Semáforos inteligentes más vulnerables al agua

Algunos semáforos “inteligentes”, al tener una operatividad principalmente electrónica, resultan víctimas fáciles de las lluvias intensas, como el que se ubica en uno de los pasos peatonales de la avenida Venustiano Carranza y su cruce con la calle de Uresti.

Desde el viernes pasado que cayeron lluvias torrenciales, este controlador presentó fallas y quedó con sus pantallas encendidas, pero con contenidos totalmente ilegibles.

Por su misma complejidad tecnológica, estos semáforos no son reparados o sustituidos con la prontitud necesaria para no generar perjuicios a la población usuaria de ellos.

En este caso, controlar el paso de peatones en un crucero tan complejo como el de V. Carranza y Uresti es esencial para prevenir accidentes que ocasionen lesiones, tanto menores como graves, a sus protagonistas.
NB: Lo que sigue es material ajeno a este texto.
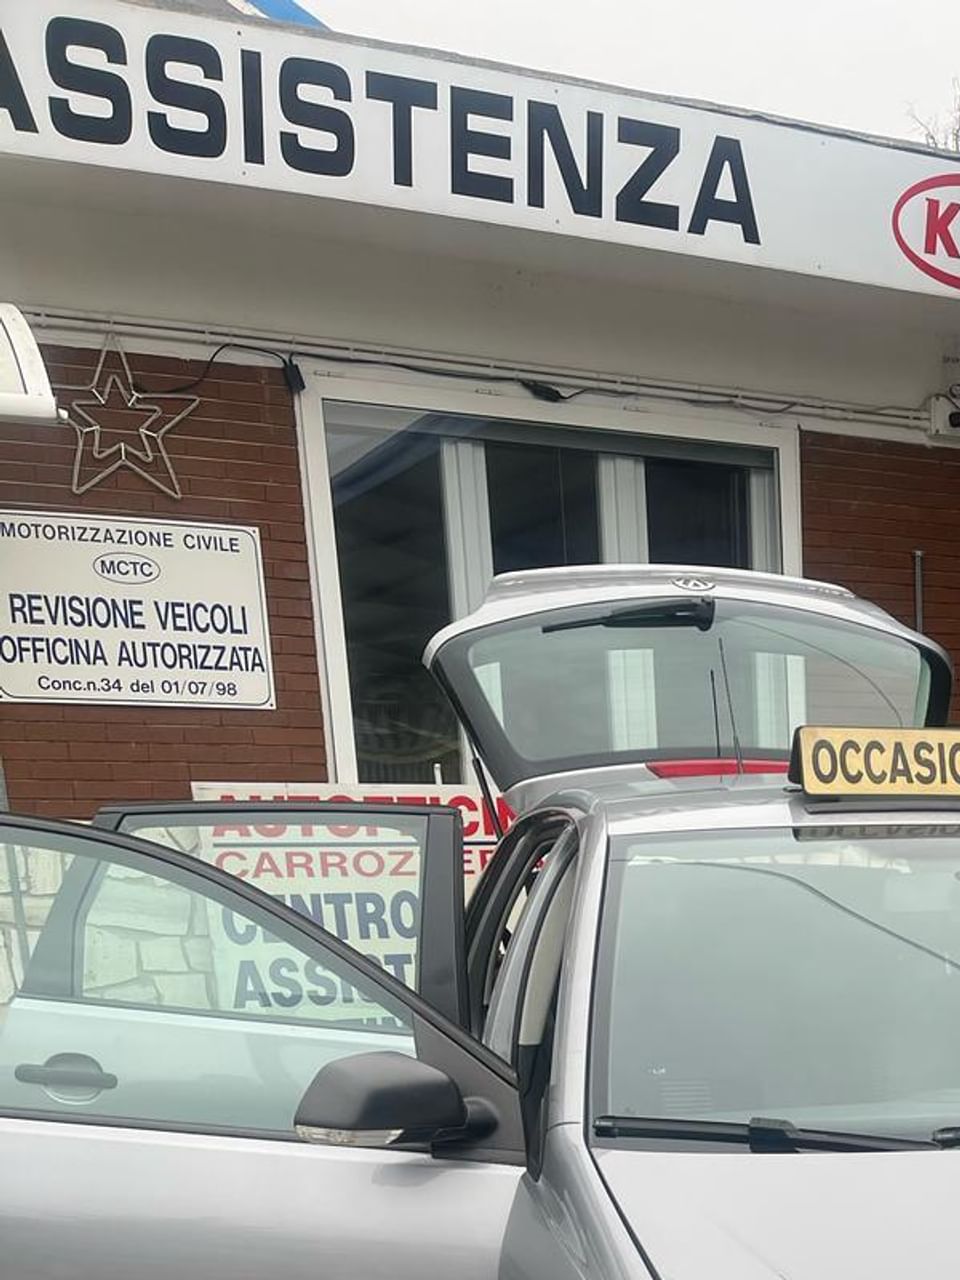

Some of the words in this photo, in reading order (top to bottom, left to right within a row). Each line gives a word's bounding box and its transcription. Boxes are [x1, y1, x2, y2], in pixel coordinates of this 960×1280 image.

[0, 522, 174, 548] MOTORIZZAZIONE
[183, 534, 240, 552] CIVILE
[100, 560, 154, 577] MCTC
[9, 593, 146, 629] REVISIONE
[154, 600, 248, 635] VEICOLI
[0, 635, 109, 667] OFFICINA
[117, 641, 266, 673] AUTORIZZATA
[38, 676, 123, 692] Conc.n.34
[130, 679, 154, 694] del
[161, 679, 238, 696] 01/07/98
Un caso similar es el de otro semáforo “inteligente” que desde enero del presente año se averió por vientos en el tramo de Reforma que va de Álvaro Obregón a Mariano Arista. El controlador fue retirado y en su lugar se colocó, amarrado con un palo y un alambre, un modelo anterior no inteligente pero que, desde entonces, ha durado prestando sus servicios eficientemente.